Many enterprise solutions involving agents are provided by RPA vendors and startups, some of which leverage LLM capabilities to manage the entire process from concept validation to product realization. Established case studies can be found in areas such as HR recruitment and automated processes using RPA agents. For example, Shizai Intelligent, a prominent player in China’s AI landscape and a leader in the RPA sector, combines domestically developed AI technology with RPA products to support government and business digital transformations. Shizai Intelligent specializes in integrating RPA agents, AGI models, and hyper-automation technology, emphasizing accessibility in the era of human-machine collaboration. Their agents allow users to automate processes easily with simple commands, effectively transforming them into digital workers.
Shizai Intelligent has reportedly aided over 2,000 central enterprises, state-owned companies, Fortune 500 firms, and government agencies in their digital transformation endeavors, deploying various "digital employees."
Industry Structure and Trend Analysis
A thorough analysis reveals that the agent industry can be structured into four layers, with the operational layer at the core, encompassing agent component manufacturers and operational integration platforms. The intelligent module relies primarily on large language models, while the memory module depends on vector database vendors, supported by plugins, tools, security, and communication protocols. The operational platform includes AI model hosting and agent framework deployment platforms, alongside emerging integration platforms and dedicated cloud services.

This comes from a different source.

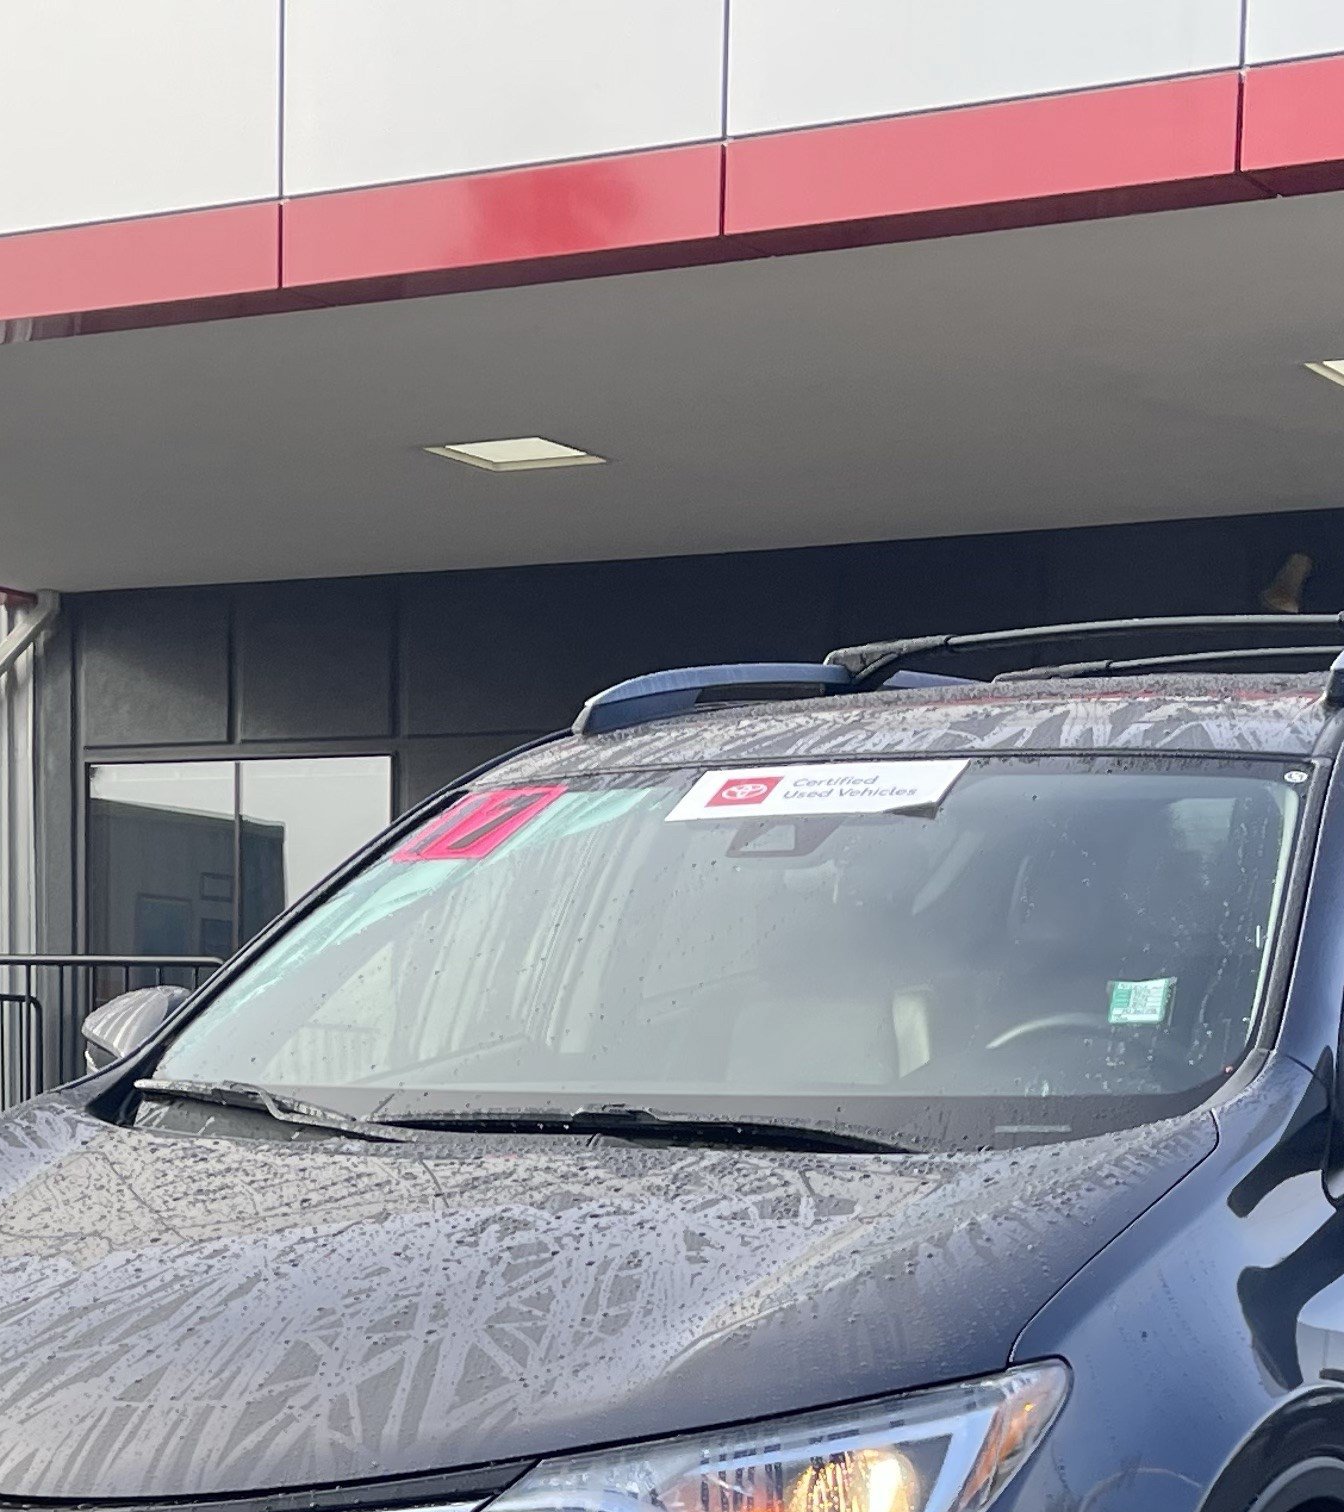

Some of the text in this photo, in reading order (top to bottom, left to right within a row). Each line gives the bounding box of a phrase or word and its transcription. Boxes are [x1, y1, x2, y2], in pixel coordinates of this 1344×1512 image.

[792, 774, 881, 788] Certified
[783, 786, 918, 799] Used Vehicles
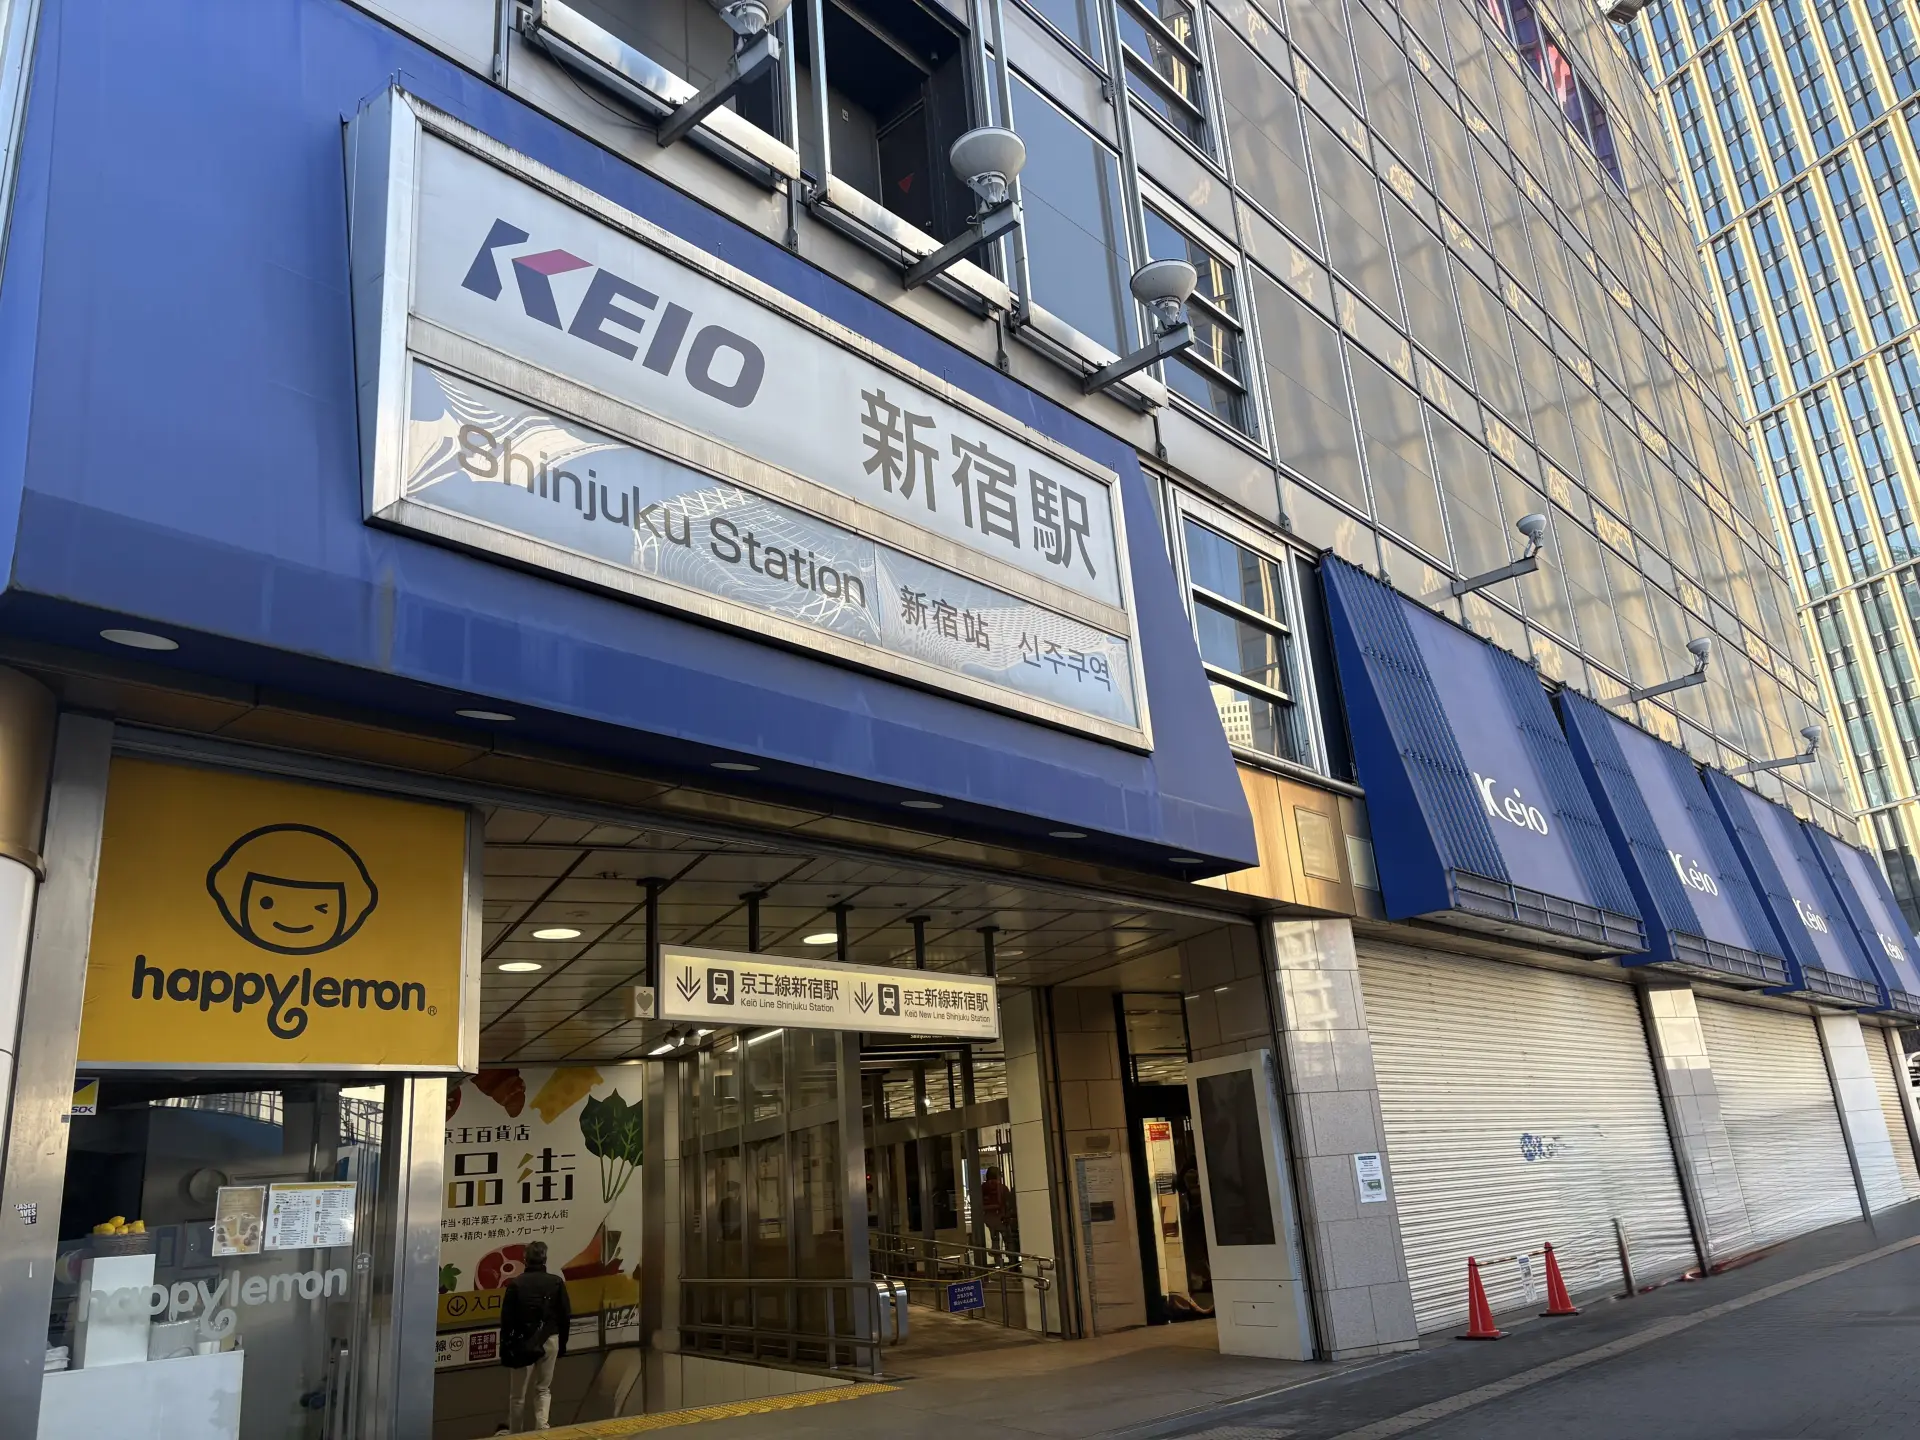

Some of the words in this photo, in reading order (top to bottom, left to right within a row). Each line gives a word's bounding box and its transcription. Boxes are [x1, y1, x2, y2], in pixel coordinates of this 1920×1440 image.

Key entities such as NexusGPT and Relevance AI are focusing on developing digital employee agents that can be integrated into corporate workflows. The future development of agents must address significant issues, including enriching workflows, accumulating proprietary data and knowledge, enhancing platform capabilities, and establishing sustainable business models. As technology advances and application scenarios broaden, the range of potential agent applications in gaming, coding, and standardized operational workflows will expand. We look forward to agents bringing greater convenience and innovation to our lives and work.